* What is required
Copy all records verbatim, images excluded.

* Available data
----
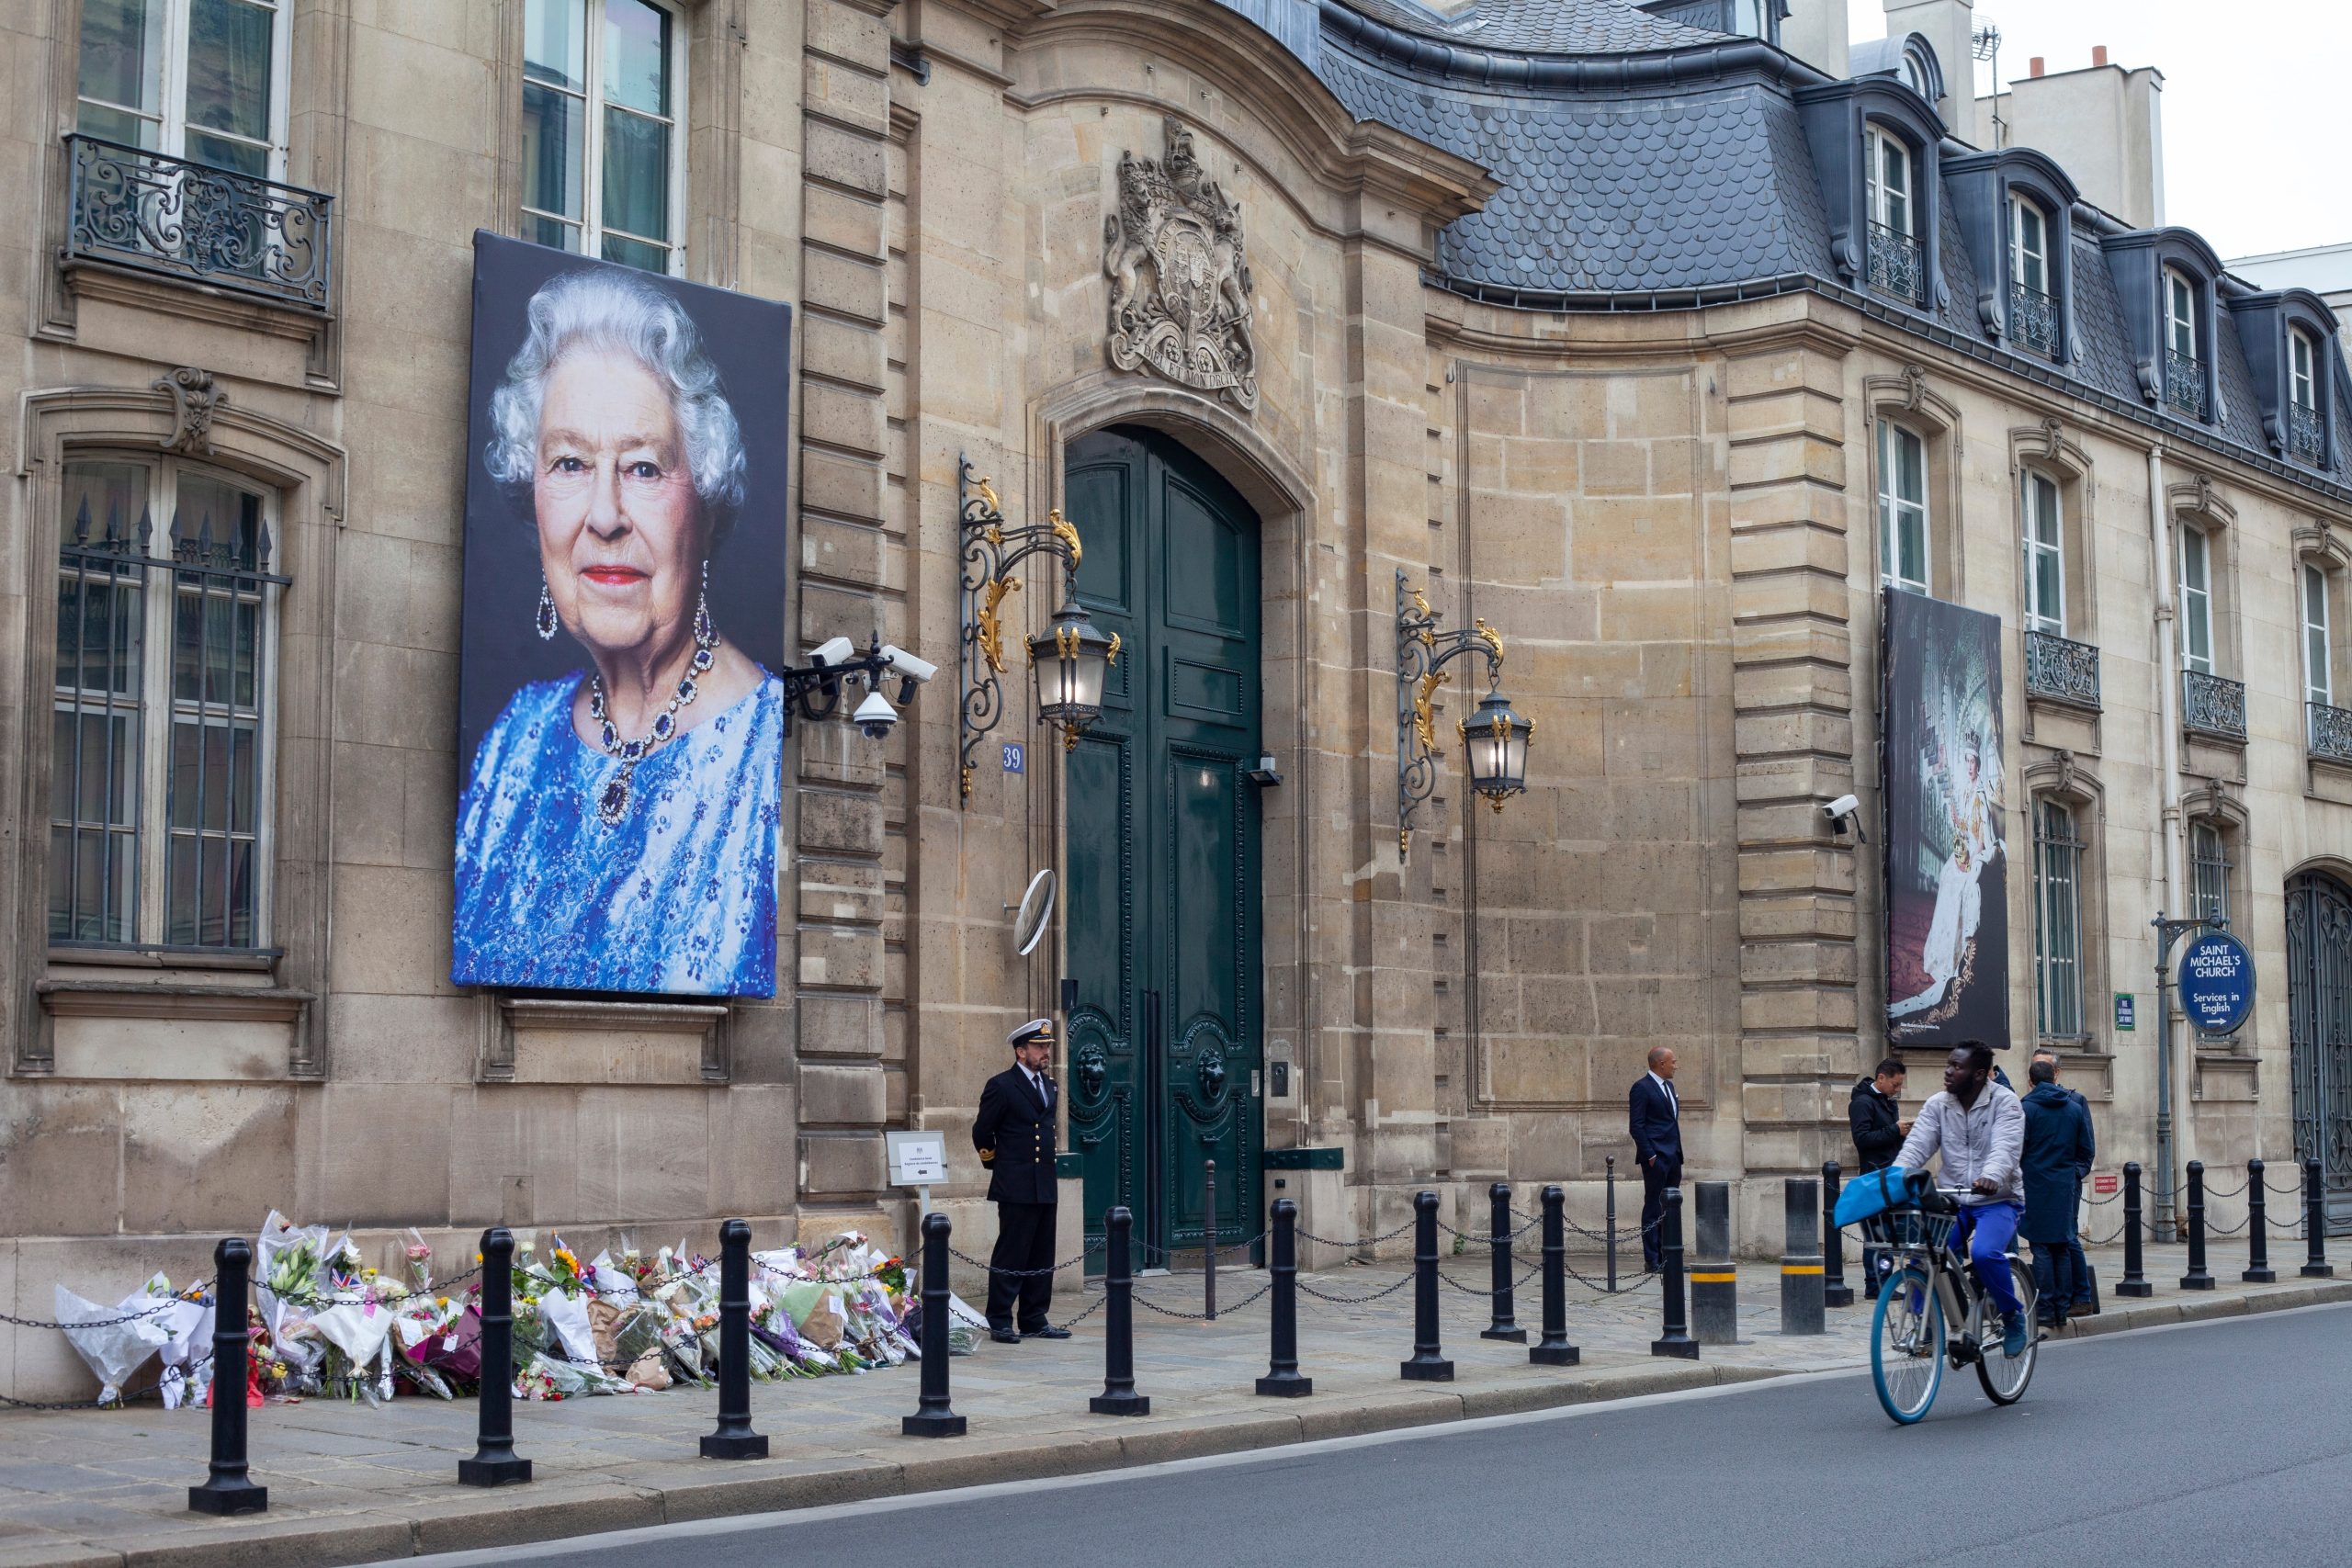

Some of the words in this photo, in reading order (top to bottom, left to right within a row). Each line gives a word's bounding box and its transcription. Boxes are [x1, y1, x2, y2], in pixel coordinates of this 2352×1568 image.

[1169, 362, 1182, 379] ET
[1185, 369, 1206, 386] MON
[1003, 747, 1021, 769] 39
[2199, 944, 2229, 956] SAINT
[2189, 955, 2241, 967] MICHAEL'S
[2195, 966, 2235, 978] CHURCH
[2193, 992, 2227, 1003] Services
[2231, 992, 2240, 1001] in
[2201, 1001, 2231, 1015] English
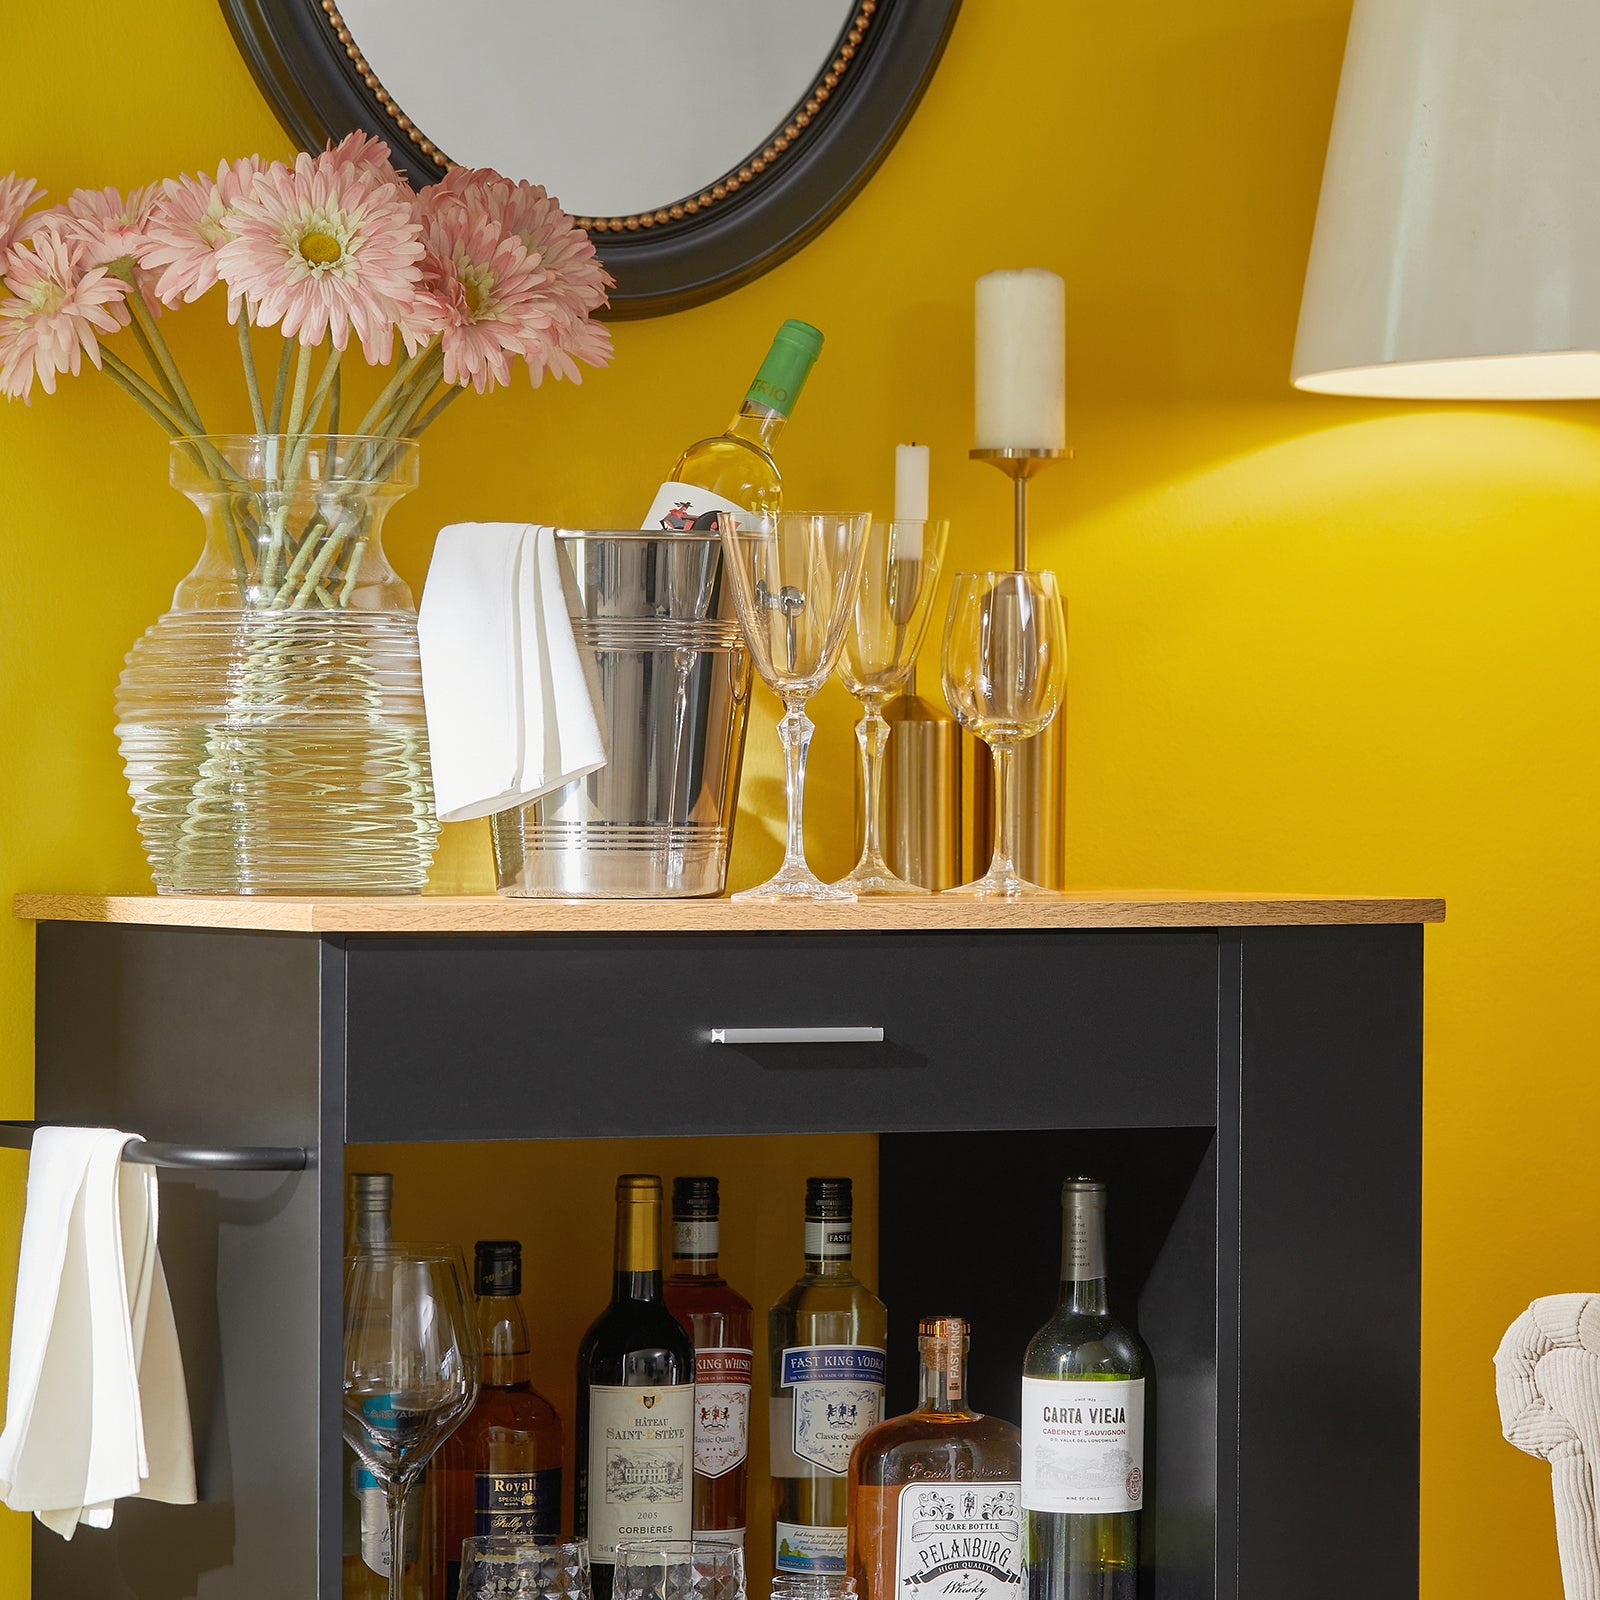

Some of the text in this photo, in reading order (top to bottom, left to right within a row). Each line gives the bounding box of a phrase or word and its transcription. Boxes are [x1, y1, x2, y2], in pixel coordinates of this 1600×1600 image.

[950, 1322, 961, 1350] KING
[697, 1358, 722, 1370] KING
[791, 1355, 884, 1369] FAST KING VODKA
[950, 1351, 960, 1379] FAST
[1043, 1406, 1126, 1424] CARTA VIEJA
[815, 1432, 840, 1440] Classic
[1042, 1428, 1126, 1437] CABERNET SAUVIGNON
[637, 1511, 658, 1520] 2005
[618, 1525, 673, 1535] CORBIÈRES
[935, 1523, 966, 1531] SQUARE
[918, 1537, 1012, 1568] PELANBURG
[939, 1562, 995, 1573] HIGH QUALITY
[941, 1579, 988, 1597] Whisky
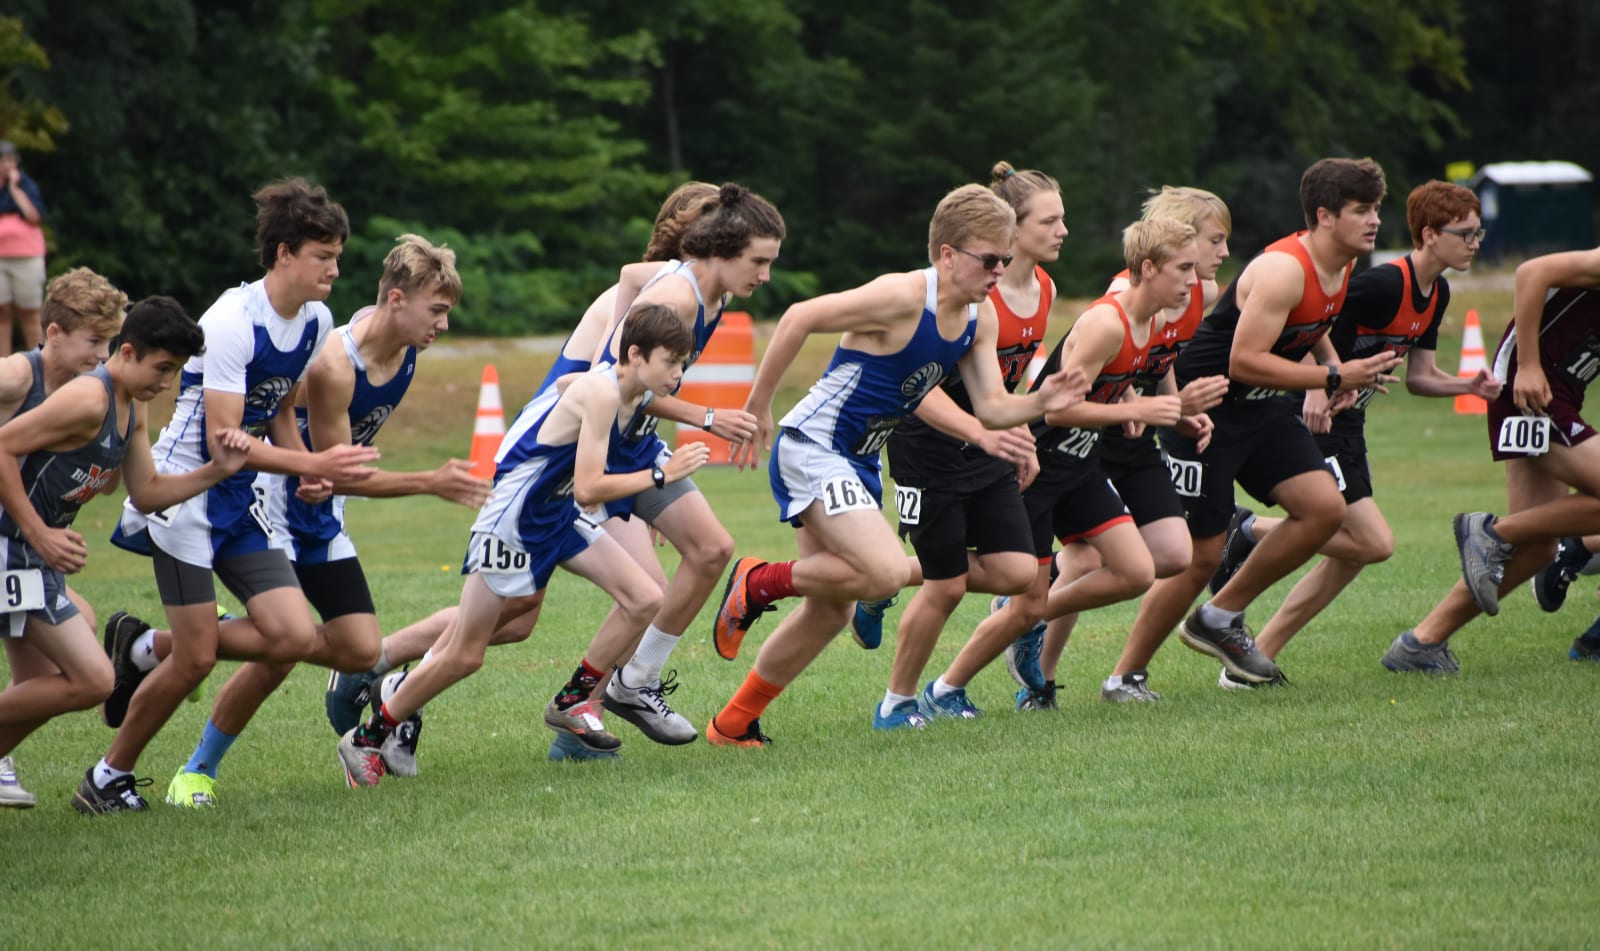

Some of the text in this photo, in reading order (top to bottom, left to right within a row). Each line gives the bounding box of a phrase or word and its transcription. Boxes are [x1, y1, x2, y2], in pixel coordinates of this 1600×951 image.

[1057, 427, 1099, 459] 226
[1502, 420, 1545, 449] 106
[1167, 462, 1198, 493] 20
[825, 479, 872, 510] 163
[896, 490, 918, 519] 22
[6, 574, 22, 607] 9
----
* Result of this exercise
Some of the words in this photo, in reading order (top to bottom, left to right within a row). Each line gives a word's bounding box and its transcription. Boxes are [x1, y1, x2, y2], in pixel coordinates of this 2352×1568 image.

[1169, 362, 1182, 379] ET
[1185, 369, 1206, 386] MON
[1003, 747, 1021, 769] 39
[2199, 944, 2229, 956] SAINT
[2189, 955, 2241, 967] MICHAEL'S
[2195, 966, 2235, 978] CHURCH
[2193, 992, 2227, 1003] Services
[2231, 992, 2240, 1001] in
[2201, 1001, 2231, 1015] English

Some of the text in this photo, in reading order (top to bottom, left to right within a row). Each line gives the bounding box of a phrase or word and its transcription. Boxes are [x1, y1, x2, y2], in pixel coordinates of this 1600×1600 image.

[950, 1322, 961, 1350] KING
[697, 1358, 722, 1370] KING
[791, 1355, 884, 1369] FAST KING VODKA
[950, 1351, 960, 1379] FAST
[1043, 1406, 1126, 1424] CARTA VIEJA
[815, 1432, 840, 1440] Classic
[1042, 1428, 1126, 1437] CABERNET SAUVIGNON
[637, 1511, 658, 1520] 2005
[618, 1525, 673, 1535] CORBIÈRES
[935, 1523, 966, 1531] SQUARE
[918, 1537, 1012, 1568] PELANBURG
[939, 1562, 995, 1573] HIGH QUALITY
[941, 1579, 988, 1597] Whisky

Some of the text in this photo, in reading order (top to bottom, left to right within a row). Each line gives the bounding box of a phrase or word and its transcription. Boxes are [x1, y1, x2, y2], in pixel coordinates of this 1600×951 image.

[1057, 427, 1099, 459] 226
[1502, 420, 1545, 449] 106
[1167, 462, 1198, 493] 20
[825, 479, 872, 510] 163
[896, 490, 918, 519] 22
[6, 574, 22, 607] 9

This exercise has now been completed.